--- Data ---
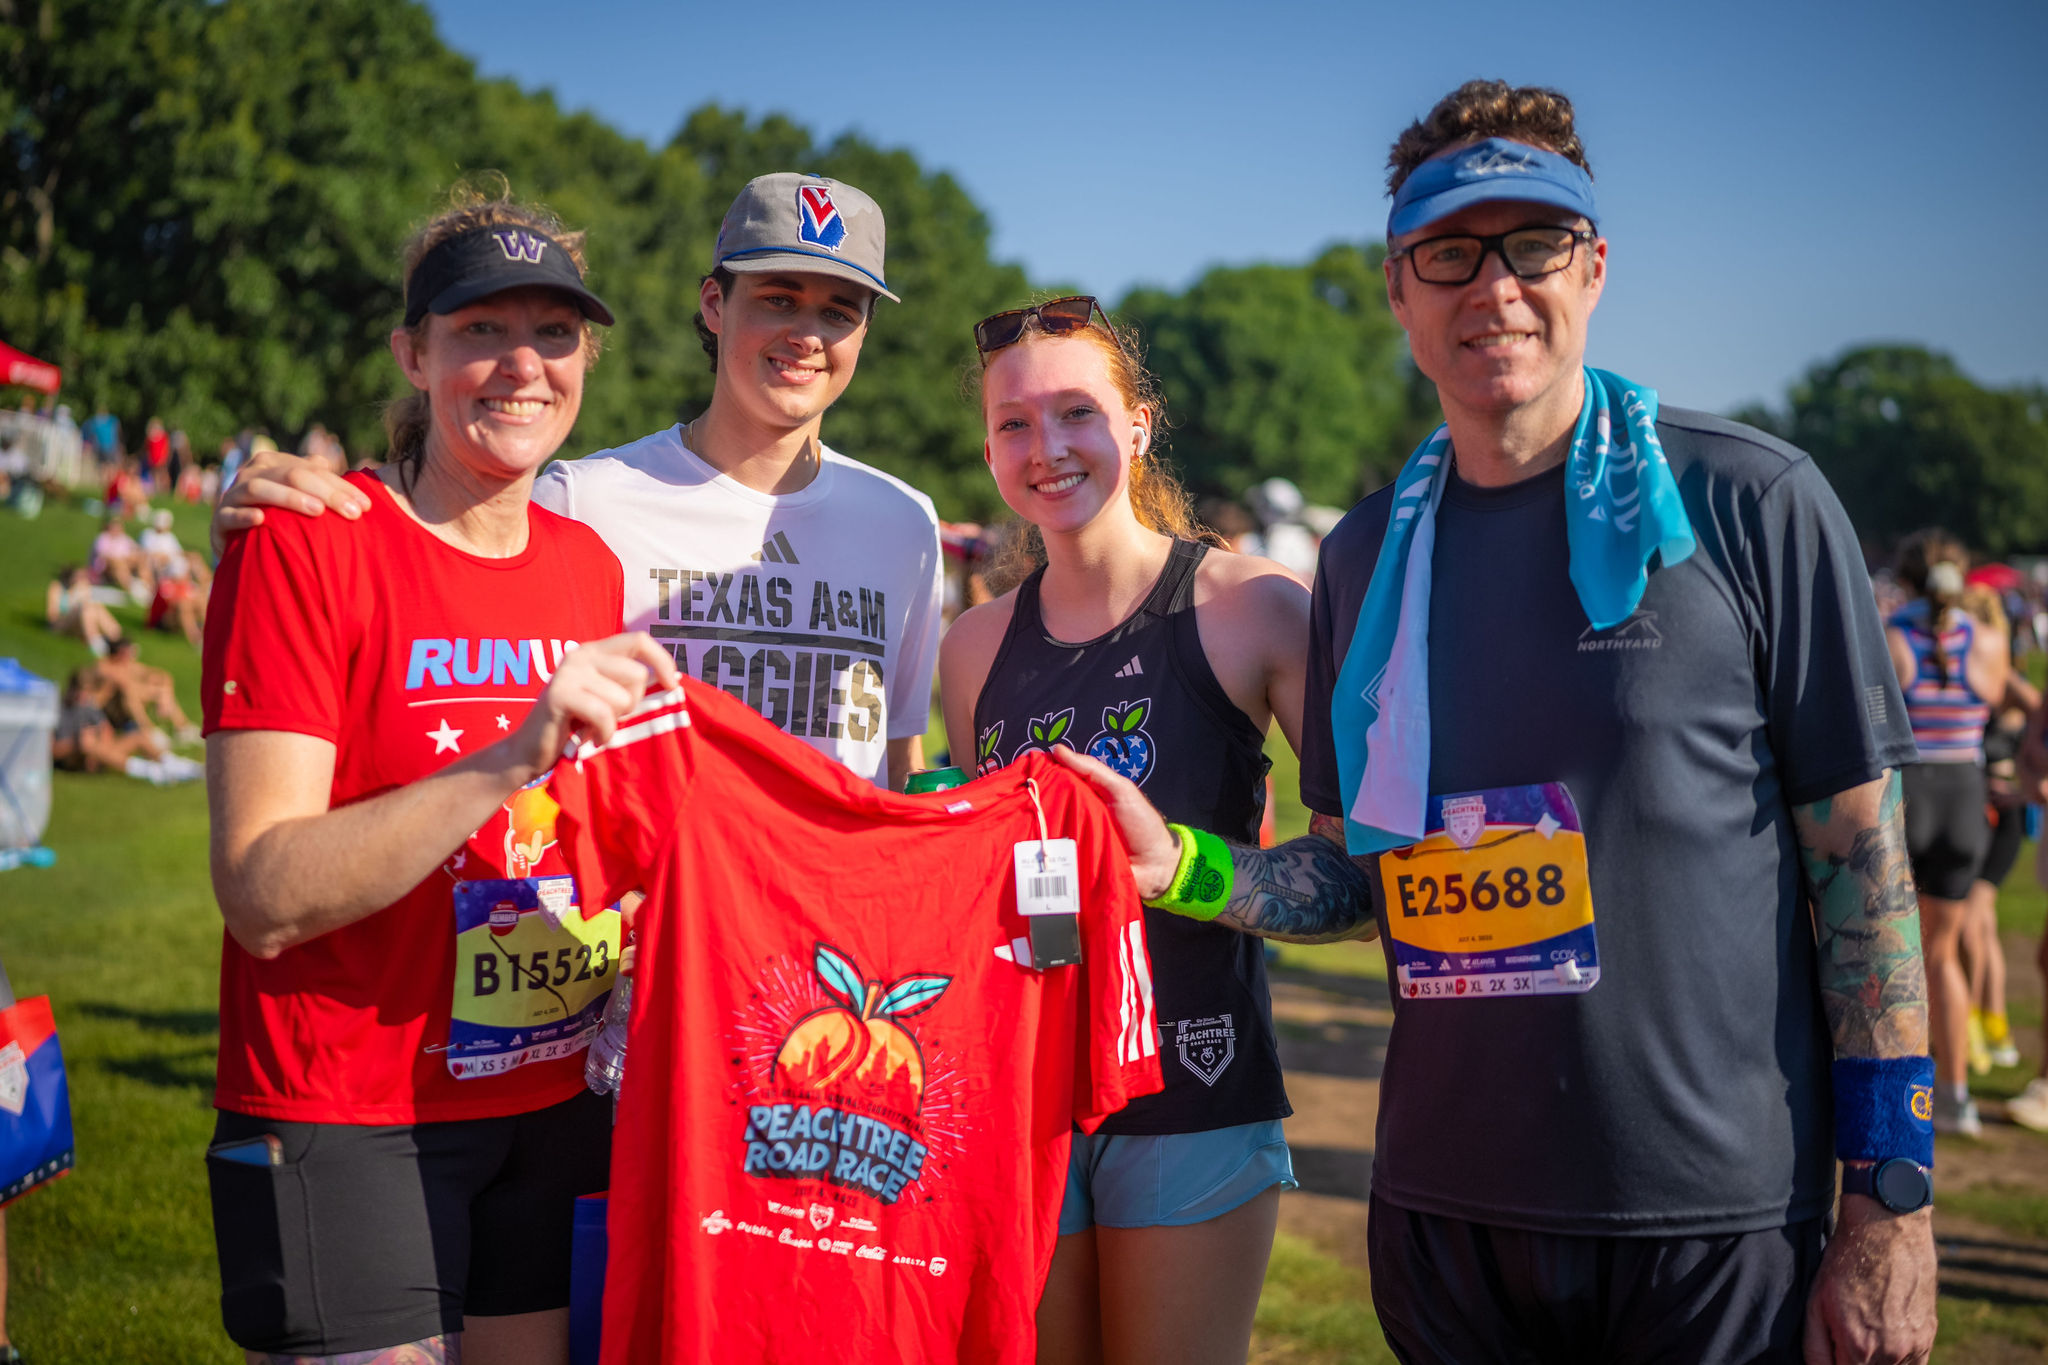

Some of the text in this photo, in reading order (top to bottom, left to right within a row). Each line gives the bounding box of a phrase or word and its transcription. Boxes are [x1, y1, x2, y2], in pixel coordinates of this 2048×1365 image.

[493, 230, 547, 263] W
[650, 568, 886, 641] TEXAS A&M
[1577, 639, 1663, 652] NORTHYARD
[1397, 864, 1565, 918] E25688
[474, 940, 609, 997] B15523
[1550, 949, 1579, 962] COX
[1420, 983, 1431, 995] XS
[1435, 983, 1441, 995] S
[1445, 982, 1454, 993] M
[1470, 981, 1483, 992] XL
[1490, 978, 1506, 991] 2X
[1513, 977, 1530, 990] 3X
[1175, 1028, 1236, 1044] PEACHTREE
[480, 1060, 495, 1072] XS
[546, 1047, 558, 1057] 2X
[744, 1104, 929, 1182] PEACHTREE
[744, 1141, 831, 1173] ROAD
[833, 1149, 909, 1203] RACE

--- Exercise instructions ---
Copy every record exactly as it appears, apart from any pictures.

--- Response area ---
Some of the text in this photo, in reading order (top to bottom, left to right within a row). Each line gives the bounding box of a phrase or word and its transcription. Boxes are [x1, y1, x2, y2], in pixel coordinates of this 2048×1365 image.

[493, 230, 547, 263] W
[650, 568, 886, 641] TEXAS A&M
[1577, 639, 1663, 652] NORTHYARD
[1397, 864, 1565, 918] E25688
[474, 940, 609, 997] B15523
[1550, 949, 1579, 962] COX
[1420, 983, 1431, 995] XS
[1435, 983, 1441, 995] S
[1445, 982, 1454, 993] M
[1470, 981, 1483, 992] XL
[1490, 978, 1506, 991] 2X
[1513, 977, 1530, 990] 3X
[1175, 1028, 1236, 1044] PEACHTREE
[480, 1060, 495, 1072] XS
[546, 1047, 558, 1057] 2X
[744, 1104, 929, 1182] PEACHTREE
[744, 1141, 831, 1173] ROAD
[833, 1149, 909, 1203] RACE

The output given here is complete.